Ethambutol-treated animals have shown pathologic changes within the central nervous system with susceptibility of the optic nerves, chiasm, and tracts (7–9). In the rat model, bilateral involvement of the optic chiasm (affecting both crossed and uncrossed fibers) and the intracranial portions of the optic nerves with axonal swelling and thinning of the myelin sheaths without demyelination have been reported (7). In this study, the optic nerve head as well as the intraorbital optic nerve and the retina were reported to be spared. Kinoshita et al (9) observed microglial proliferation and demyelination within the optic nerves, chiasm, and tracts in ethambutol-treated monkeys. In 1 of the 3 monkeys, demyelination was seen at the center of the optic chiasm. Schmidt (8), in a study of rhesus monkeys treated with high doses of ethambutol, noted degenerative changes, including glial reaction, vacuolation, and demyelination at the center of the optic chiasm as well as in the proximal optic tracts and distal optic nerves. These degenerative changes occurred at doses of ethambutol much higher than therapeutic doses in man. It may follow that at lower doses in humans, the pathologic changes, if detected early, may be reversible or not progressive.

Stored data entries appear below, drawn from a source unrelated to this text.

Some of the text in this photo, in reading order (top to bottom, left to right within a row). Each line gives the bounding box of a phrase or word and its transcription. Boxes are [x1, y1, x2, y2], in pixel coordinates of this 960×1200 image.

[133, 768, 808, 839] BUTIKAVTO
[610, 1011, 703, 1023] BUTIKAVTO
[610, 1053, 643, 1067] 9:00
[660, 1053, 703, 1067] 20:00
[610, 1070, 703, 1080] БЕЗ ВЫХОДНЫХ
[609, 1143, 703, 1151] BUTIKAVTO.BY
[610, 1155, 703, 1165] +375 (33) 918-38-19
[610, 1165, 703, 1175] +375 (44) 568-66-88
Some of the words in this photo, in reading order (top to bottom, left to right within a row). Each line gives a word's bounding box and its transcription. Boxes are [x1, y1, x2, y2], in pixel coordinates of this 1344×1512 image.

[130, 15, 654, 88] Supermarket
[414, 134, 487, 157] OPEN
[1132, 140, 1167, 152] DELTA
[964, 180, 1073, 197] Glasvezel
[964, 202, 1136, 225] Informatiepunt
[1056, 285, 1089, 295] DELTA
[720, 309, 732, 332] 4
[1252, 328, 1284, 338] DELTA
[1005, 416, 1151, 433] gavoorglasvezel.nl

There is also evidence that ethambutol is toxic to the retina, particularly retinal ganglion cells (10). Necrosis of retinal ganglion cells and a decrease in their numbers in the parafoveal area (especially nasally) have been documented. Glial reaction may occur in the retinal nerve fiber layer, with sparing of other portions of the retina. In humans, electrophysiologic studies, including the electro-oculography and multifocal electroretinography (mfERG), have demonstrated dysfunction of other layers of the retina apart from the retinal ganglion cells, including the retinal pigment epithelium, photoreceptors, and bipolar cells in the macula (4,11–14). Liu et al (4) studied 2 patients treated with ethambutol with bitemporal visual field defects and found the area of abnormal mfERG corresponded with the areas of bitemporal visual field loss. Orbital and brain MRI were normal, and it was concluded that ethambutol-induced bitemporal field may result, at least in part, from retinal toxicity.

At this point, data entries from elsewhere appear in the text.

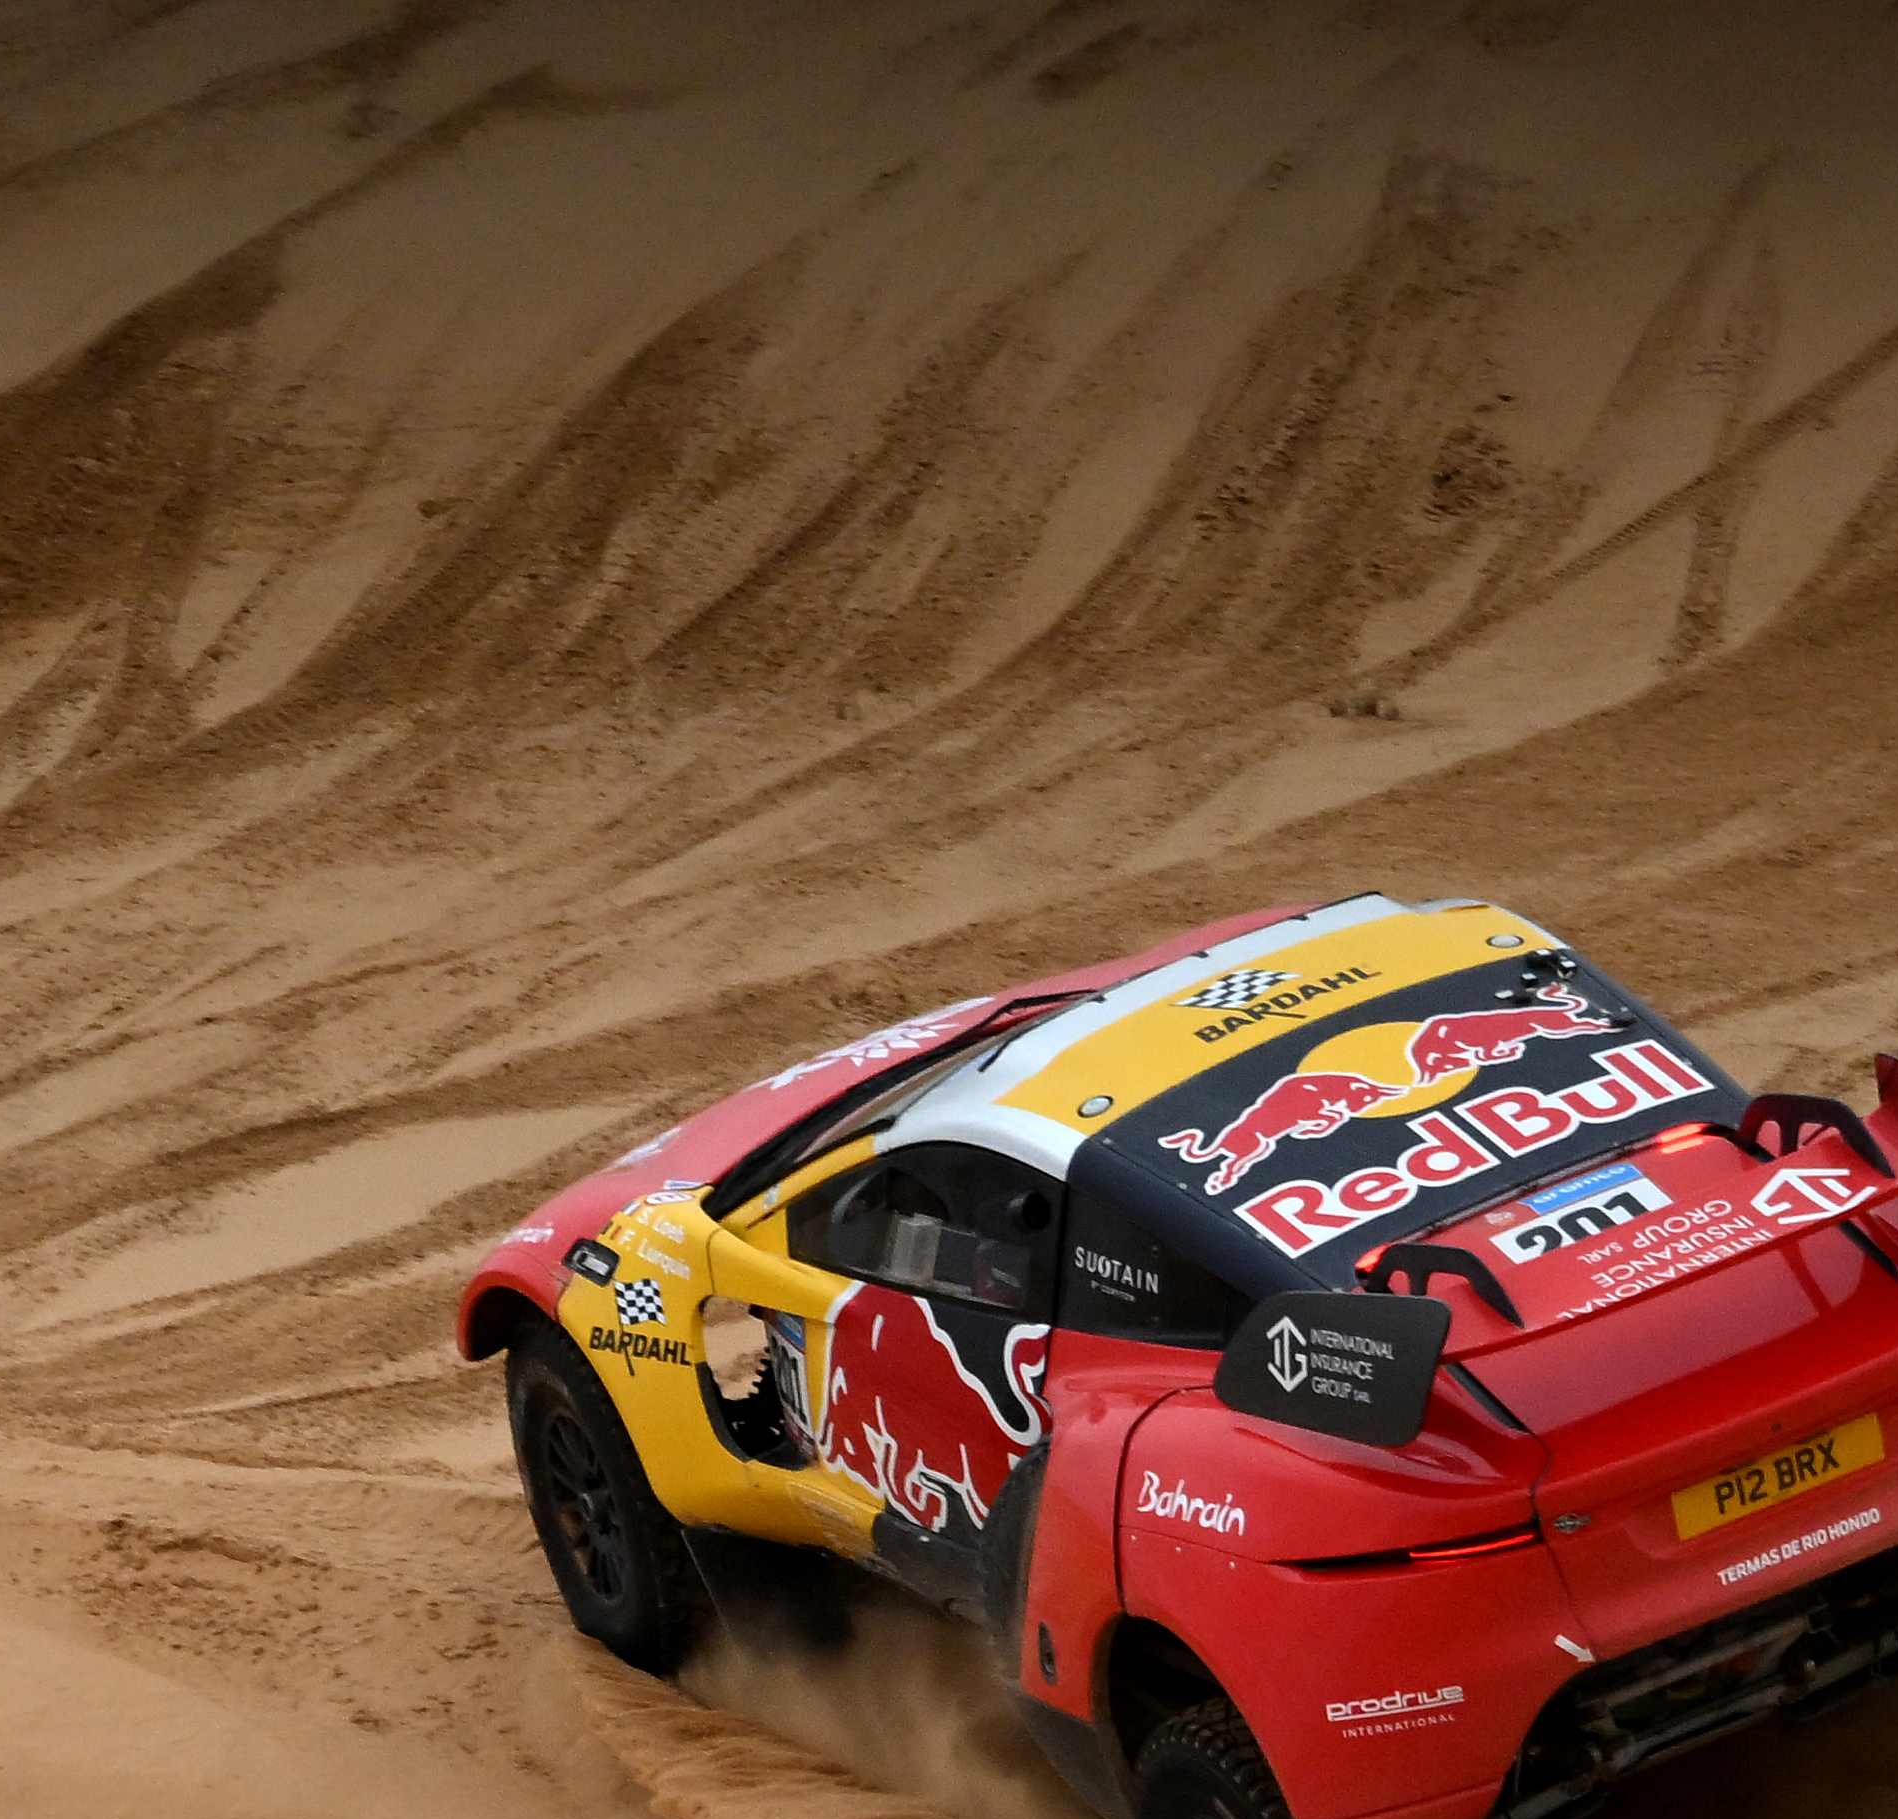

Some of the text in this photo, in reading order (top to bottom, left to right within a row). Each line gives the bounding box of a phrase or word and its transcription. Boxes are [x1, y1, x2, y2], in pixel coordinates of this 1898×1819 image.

[1194, 967, 1382, 1043] BARDAHL
[1234, 1040, 1716, 1258] Red Bull
[1577, 1199, 1733, 1265] GROUP SARL
[1591, 1215, 1755, 1289] INSURANCE
[1556, 1229, 1774, 1320] INTERNATIONAL
[589, 1326, 692, 1367] BARDAHL
[1311, 1376, 1352, 1399] GROUP
[1137, 1470, 1247, 1536] Bahrain
[1714, 1438, 1840, 1515] P12 BRX
[1717, 1507, 1881, 1585] TERMAS DE RIO HONDO
[1326, 1684, 1465, 1722] prodrive
[1342, 1714, 1457, 1739] INTERNATIONAL

Various cellular mechanisms have been hypothesized in ethambutol-induced cytotoxicity. One study reported that ethambutol may cause death of retinal ganglion cells by acting as a chelating agent that depletes copper and zinc (15). Heng et al (10) concluded that ethambutol can cause mitochondrial dysfunction in the retinal ganglion cells via glutamate excitotoxicity. Contrary to these theories, Yoon et al (16) proposed that retinal ganglion cell damage caused by ethambutol is neither due to the depletion of zinc nor glutamate excitotoxicity, but through another mechanism that requires intracellular zinc.
Our patient was treated with 2 other medications that may have affected her vision, azithromycin and isoniazid. Unlike most other macrolides, azithromycin generally does not interact with other medications causing adverse effects. This may be due to the fact that this antibiotic does not induce and bind to hepatic cytochrome P450 IIIA isoenzyme system (17).
Optic neuropathy has been described in patients treated with ethambutol in combination with isoniazid (18,19). In one report, there was minimal change in visual function after discontinuing ethambutol, but significant improvement after stopping isoniazid (18). There may be an additive toxic effect when isoniazid is used in combination with ethambutol and it is recommended to stop both medications as soon as the patient develops visual impairment (19).
Our case illustrates clinical–neuroimaging correlation of optic chiasmal involvement from ethambutol toxicity. We await additional studies using high-resolution MRI of the anterior visual pathways to confirm our findings.